Gestação Gemelar Monocoriônica: Riscos e Manejo

HPEV - Hospital Professor Edmundo Vasconcelos (SP) — Prova 2025

Enunciado

Mulher, de 26 anos de idade, está em sua primeira gestação, com idade gestacional de 10 semanas e 1 dia. Hoje, retorna ao pré-natal para mostrar os resultados dos exames solicitados na primeira consulta. Nega comorbidades ou uso de medicações. A ultrassonografia evidenciou uma gestação gemelar, sendo que uma de suas imagens pode ser vista a seguir: Considerando a imagem da ultrassonografia de gestação inicial dessa paciente, qual é a corionicidade e a amnionicidade desta gestação e qual orientação deve ser dada à paciente com relação aos riscos da gestação que ela pode apresentar?

Alternativas

  1. A) Gestação monocoriônica diamniótica. O compartilhamento desigual da área placentária pode levar ao desenvolvimento de restrição de crescimento fetal seletiva.
  2. B) Gestação monocoriônica diamniótica. Na presença de anastomoses placentárias, pode evoluir para sequência anemia-policitemia e, mais raramente, para síndrome de transfusão feto-fetal.
  3. C) Gestação dicoriônica. A mortalidade perinatal é muito maior nas gestações gemelares, devido principalmente às complicações decorrentes da prematuridade.
  4. D) Gestação dicoriônica. Nas gestações gemelares são mais frequentes as inserções anômalas de cordão umbilical, inclusive com aumento de prevalência de vasa prévia.

Pérola Clínica

Gestação gemelar monocoriônica diamniótica (1 placenta, 2 bolsas) → risco de restrição de crescimento fetal seletiva e STFF.

Resumo-Chave

A imagem ultrassonográfica de uma gestação gemelar com uma única placenta e duas bolsas amnióticas indica uma gestação monocoriônica diamniótica. Este tipo de gestação apresenta riscos específicos devido ao compartilhamento placentário, como a restrição de crescimento fetal seletiva e a síndrome de transfusão feto-fetal.

Contexto Educacional

A gestação gemelar representa um desafio obstétrico significativo, com maior risco de complicações maternas e fetais em comparação com gestações únicas. A determinação precoce da corionicidade e amnionicidade, idealmente no primeiro trimestre por ultrassonografia, é o passo mais importante para o manejo adequado, pois define o perfil de risco da gestação. A fisiopatologia das complicações em gestações gemelares monocoriônicas (que compartilham uma única placenta) está intrinsecamente ligada à presença de anastomoses vasculares na superfície placentária. Essas anastomoses podem levar a um fluxo sanguíneo desequilibrado entre os fetos, resultando em condições como a Síndrome de Transfusão Feto-Fetal (STFF) ou a Restrição de Crescimento Fetal Seletiva (RCFs). O manejo de gestações monocoriônicas diamnióticas requer monitoramento ultrassonográfico mais frequente para detectar precocemente sinais de STFF, RCFs ou outras complicações. A intervenção pode variar desde a observação até procedimentos intrauterinos, como a fotocoagulação a laser das anastomoses placentárias, dependendo da gravidade e do tipo de complicação.

Perguntas Frequentes

Como diferenciar gestações gemelares monocoriônicas de dicoriônicas na ultrassonografia inicial?

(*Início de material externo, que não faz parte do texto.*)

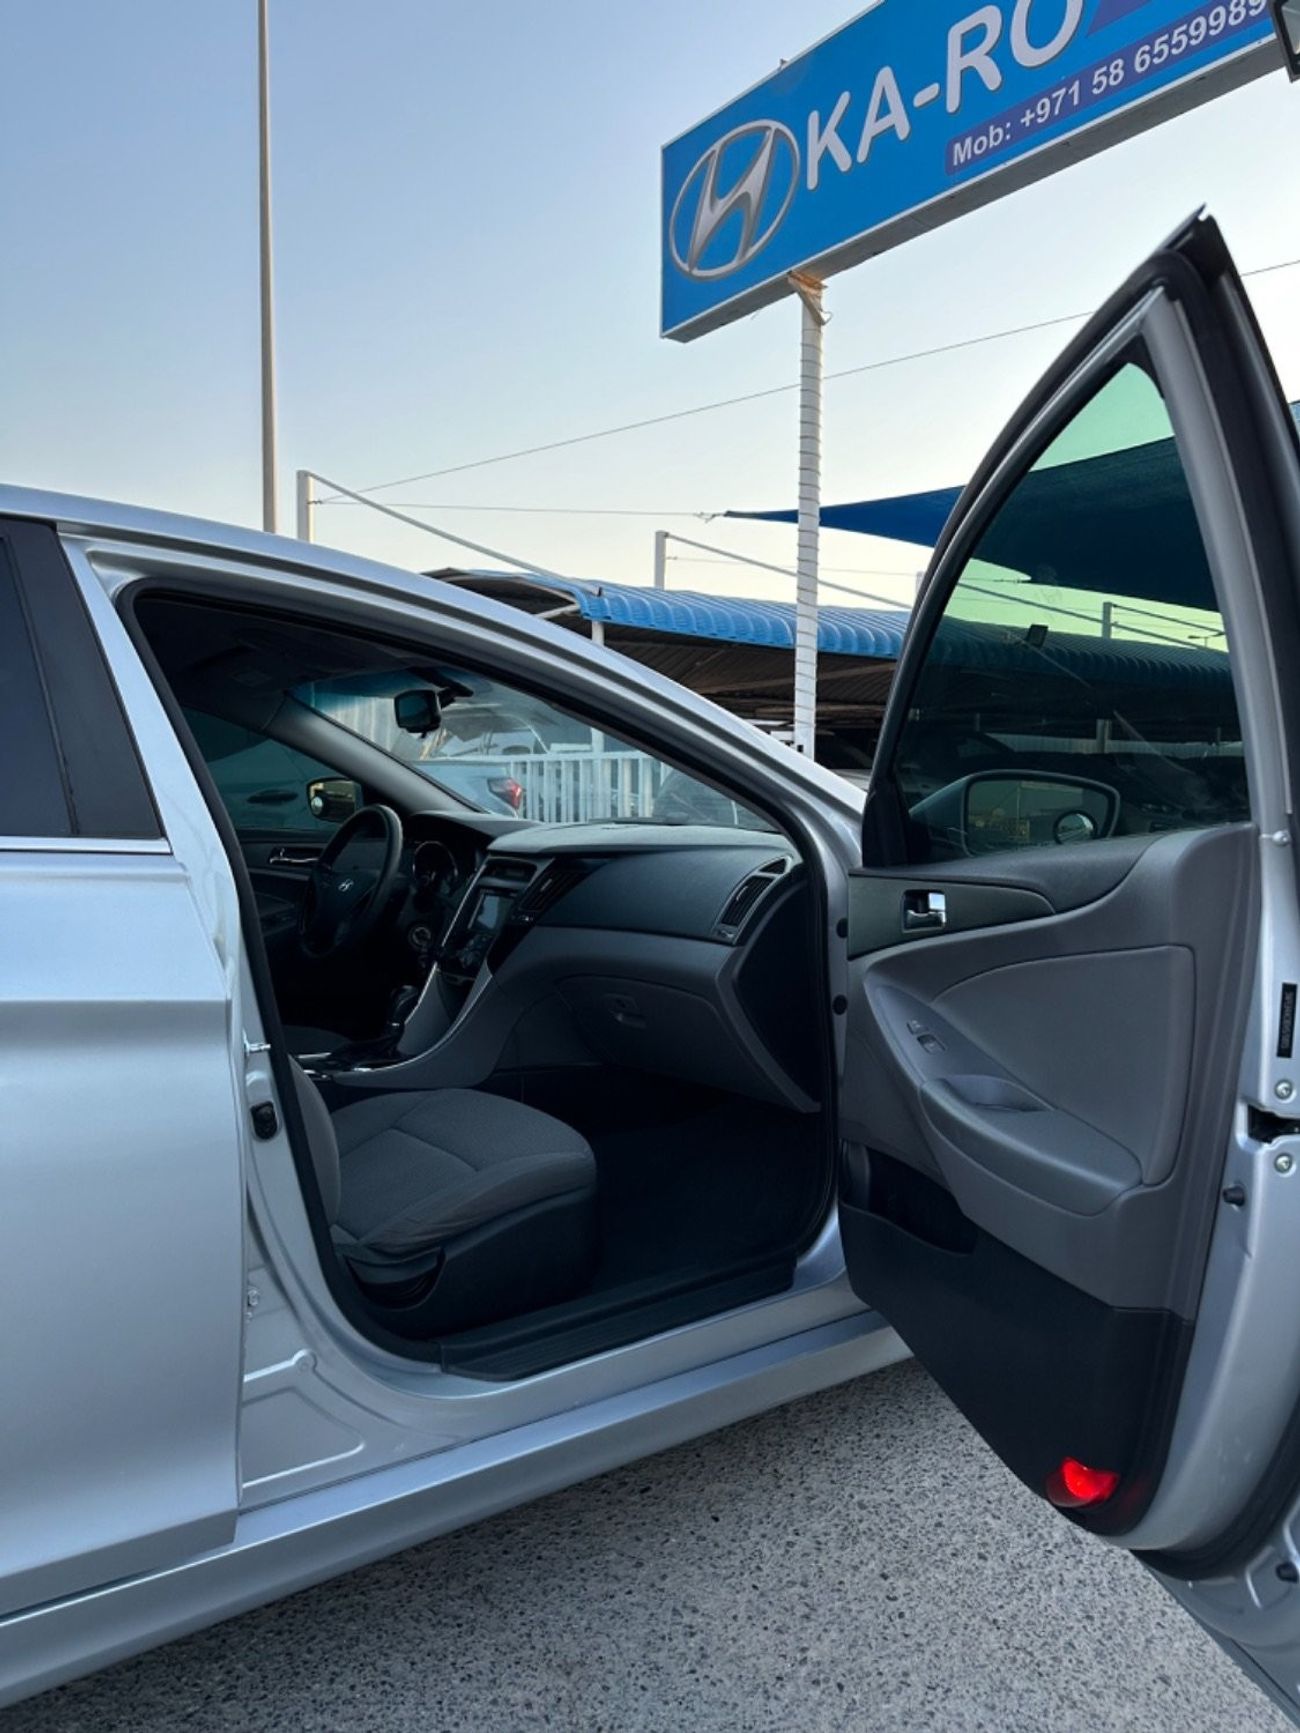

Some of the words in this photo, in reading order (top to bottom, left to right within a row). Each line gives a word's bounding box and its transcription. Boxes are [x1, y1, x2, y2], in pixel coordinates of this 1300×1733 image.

A corionicidade é determinada pela visualização da membrana intergemelar e da inserção placentária. Gestações dicoriônicas apresentam o sinal do "lambda" (ou "twin peak"), enquanto as monocoriônicas apresentam o sinal do "T" na inserção da membrana na placenta.

Quais são as principais complicações associadas à gestação monocoriônica diamniótica?

As principais complicações incluem a Síndrome de Transfusão Feto-Fetal (STFF), a Restrição de Crescimento Fetal Seletiva (RCFs), a sequência anemia-policitemia e o risco de óbito de um dos fetos com sequelas neurológicas para o sobrevivente.

O que é a Restrição de Crescimento Fetal Seletiva (RCFs) e como ela se manifesta?

A RCFs é uma complicação da gestação monocoriônica onde um feto apresenta crescimento restrito em comparação com o outro, devido a um compartilhamento desigual da área placentária e/ou anastomoses vasculares desequilibradas. Manifesta-se por discordância de peso fetal e, em casos graves, alterações no Doppler.